Into this political cauldron hurtled a message from imperial Germany. The government was asking for an immediate armistice and a negotiated peace on the basis of the Fourteen Points.

XII

Nightmarish things had been happening in the German psyche since the failure of Quartermaster General Ludendorff ’s final offensive in July. After persuading the kaiser and the rest of the civilian government that victory on the Western Front was within Germany’s grasp, Ludendorff suffered a total failure of nerve when the prize eluded him and Allied counterattacks began. The conduct of some units of the German army during the August 8 British offensive had revealed alarming signs that Bolshevik propaganda was infecting many soldiers. Retreating troops had shouted,“Blackleg [strikebreaker], you’re prolonging the war!” at divisions that were replacing them in the lines.
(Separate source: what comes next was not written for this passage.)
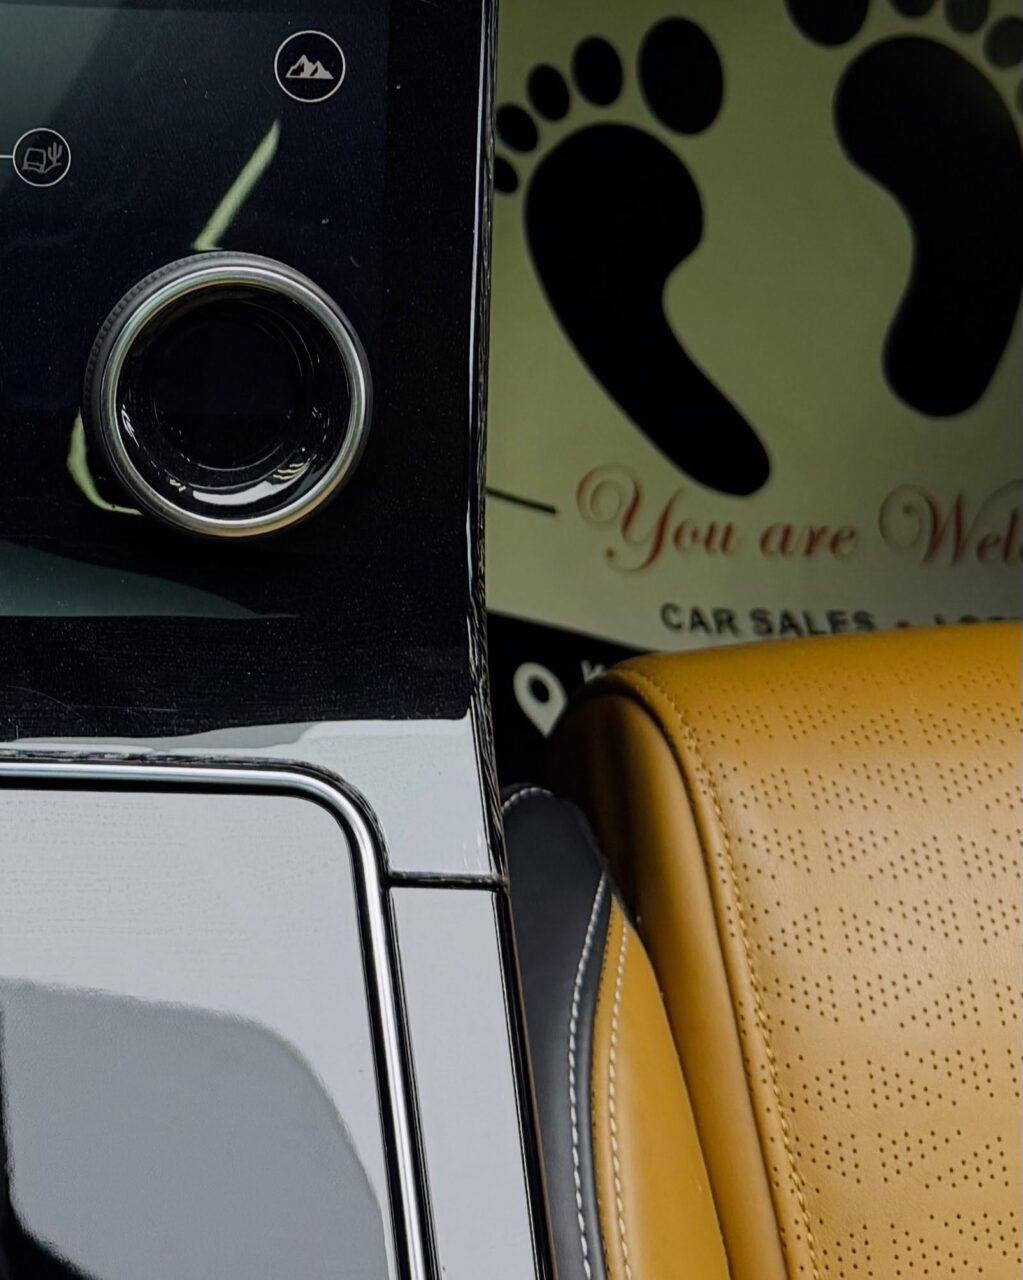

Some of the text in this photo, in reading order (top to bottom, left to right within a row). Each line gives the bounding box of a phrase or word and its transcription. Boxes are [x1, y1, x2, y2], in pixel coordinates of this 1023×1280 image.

[576, 464, 1023, 572] You are Wel
[660, 603, 739, 635] CAR
Overall, the August 8 battle was far from a knockout blow. German losses were no worse than the British had suffered in Ludendorff ’s March assault on the Fifth Army. With its usual skill, the German general staff rushed reserves from the north to seal off the breakthrough and knocked out 300 of the 450 British tanks that had led the first day’s assault. But Ludendorff called the setback “the black day of the German army,” and on August 10, the quartermaster general told a stunned kaiser that Germany’s only hope of salvaging anything from the war was an immediate peace.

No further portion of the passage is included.